Missouri state Rep. Mike Leara (R) has decided his fellow lawmakers shouldn’t even be allowed to propose gun control regulation. Leara has proposed legislation that would make it a felony for “any member of the general assembly who proposes a piece of legislation that further restricts the right of an individual to bear arms, as set forth under the second amendment of the Constitution of the United States.”
And because science (along with common sense) so often contradicts the world Republicans want to live in, something must be done. That bastion of scientific thought and discovery, Kansas, has a bill before their House Education Committee (the bill has no specific sponsor, only the Republican controlled committee itself is the sponsor) which would make schools include evidence against climate change in science classes. According to the bill, science teachers would be required to “provide information to students of scientific evidence which both supports and counters a scientific theory or hypothesis.”
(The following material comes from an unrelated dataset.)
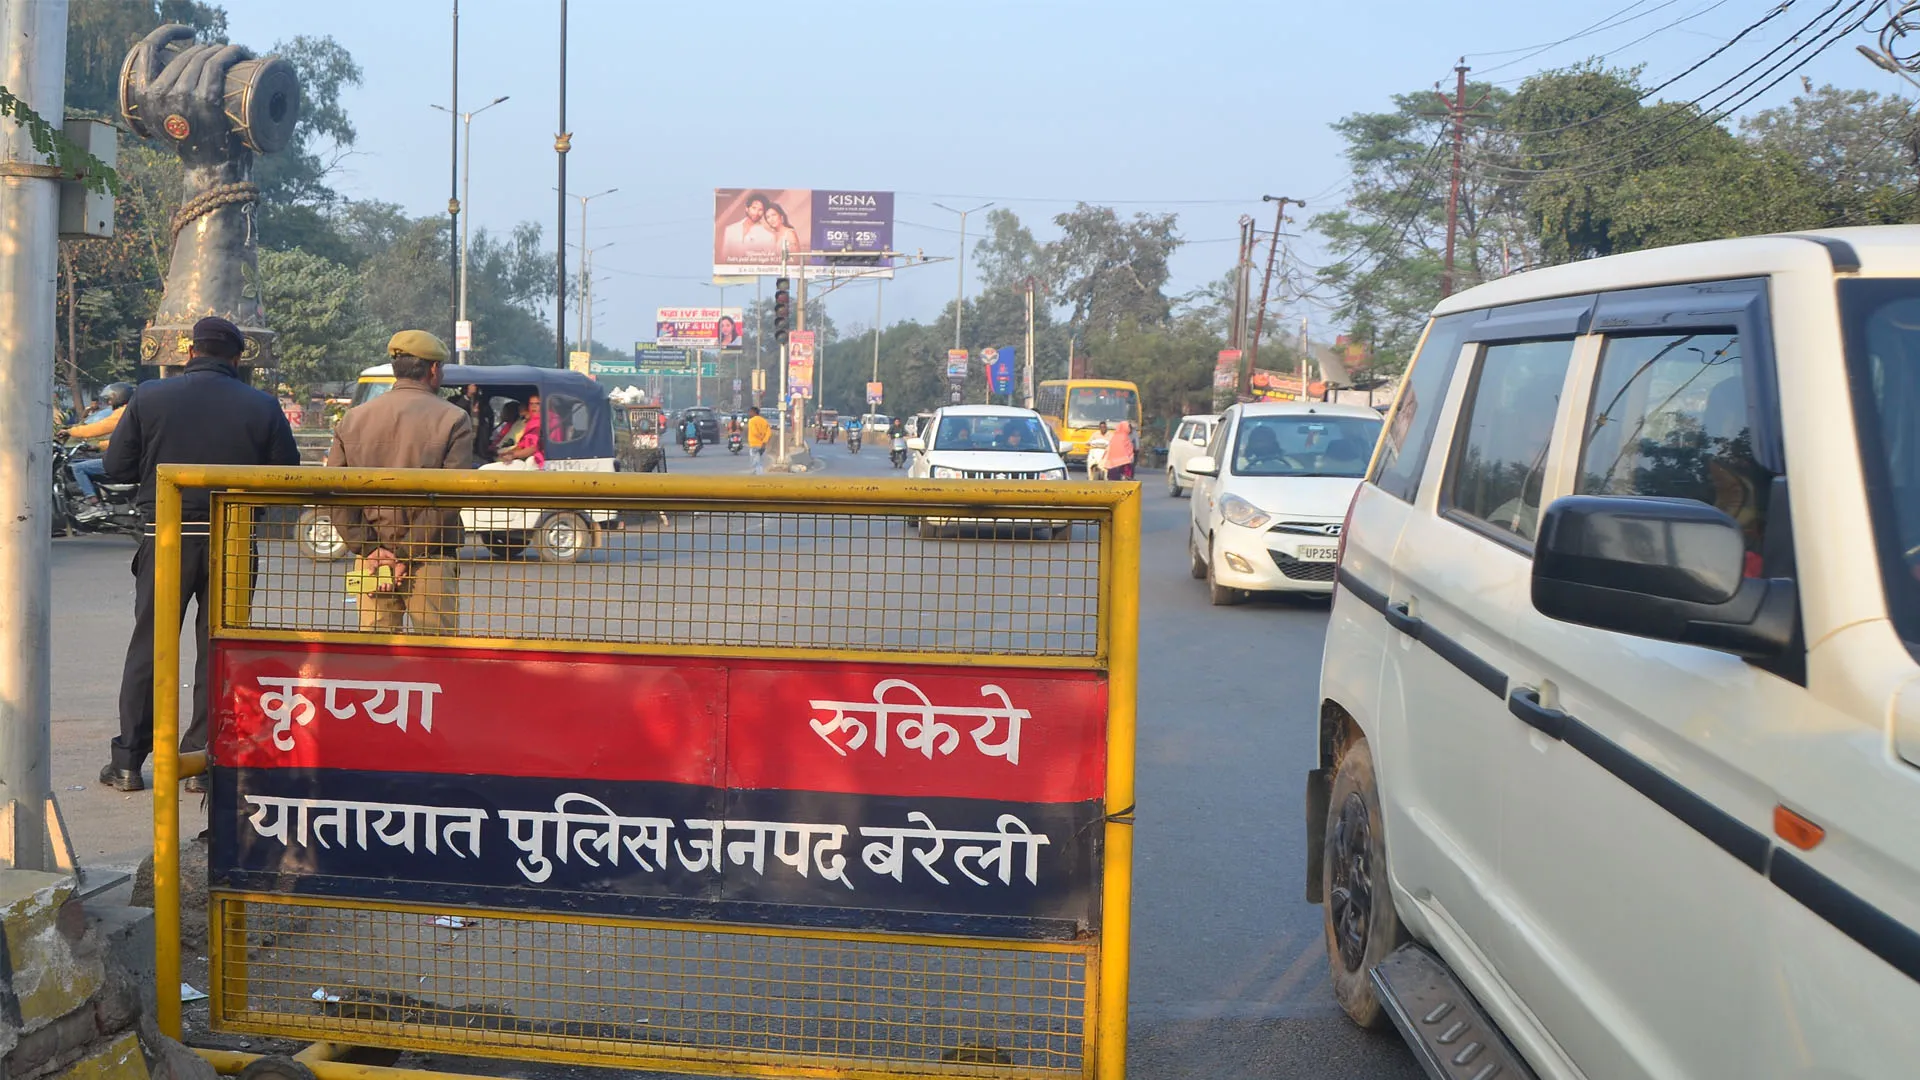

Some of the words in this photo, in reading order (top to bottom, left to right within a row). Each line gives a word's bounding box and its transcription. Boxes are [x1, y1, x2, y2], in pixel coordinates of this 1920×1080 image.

Then move right long to Oklahoma, where the Oklahoma Common Education Committee approved the so-called Scientific Education and Academic Freedom Act. If passed, this bill would make it illegal for biology teachers to fail students who write papers against evolution, climate change and other theories…you know, those theories accepted as scientific fact by nearly 100% of real scientists…because, you know, we’ll lead the world again when our science is based on the book of Genesis.